• Description of the task
An exact transcription of the entries is required, with none of the pictures carried over.

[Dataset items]
******
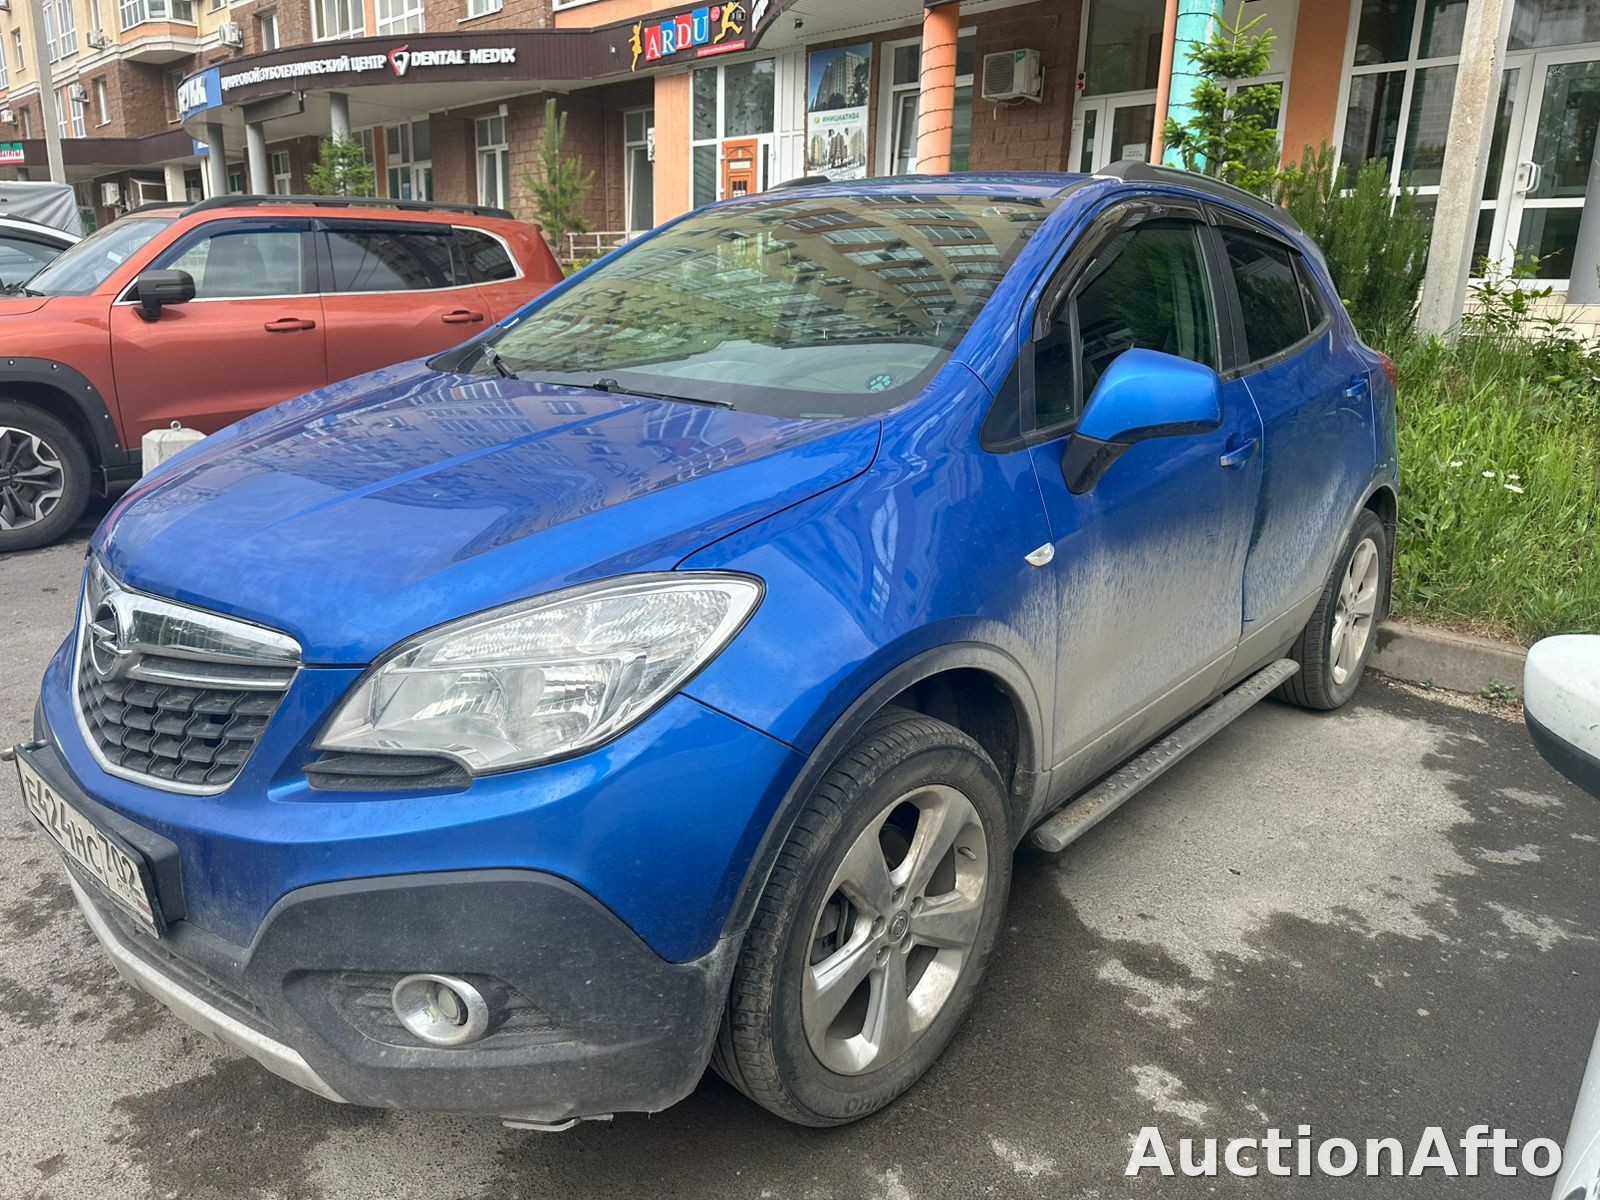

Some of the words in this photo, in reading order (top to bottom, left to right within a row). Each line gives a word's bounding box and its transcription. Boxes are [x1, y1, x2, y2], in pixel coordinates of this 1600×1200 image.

[645, 16, 708, 59] ARDU
[351, 55, 387, 73] ЦЕНТР
[411, 50, 465, 66] DENTAL
[469, 48, 516, 64] MEDIX
[97, 831, 143, 898] 702
******
• Result of this exercise
Some of the words in this photo, in reading order (top to bottom, left to right within a row). Each line gives a word's bounding box and its transcription. Boxes are [x1, y1, x2, y2], in pixel coordinates of this 1600×1200 image.

[645, 16, 708, 59] ARDU
[351, 55, 387, 73] ЦЕНТР
[411, 50, 465, 66] DENTAL
[469, 48, 516, 64] MEDIX
[97, 831, 143, 898] 702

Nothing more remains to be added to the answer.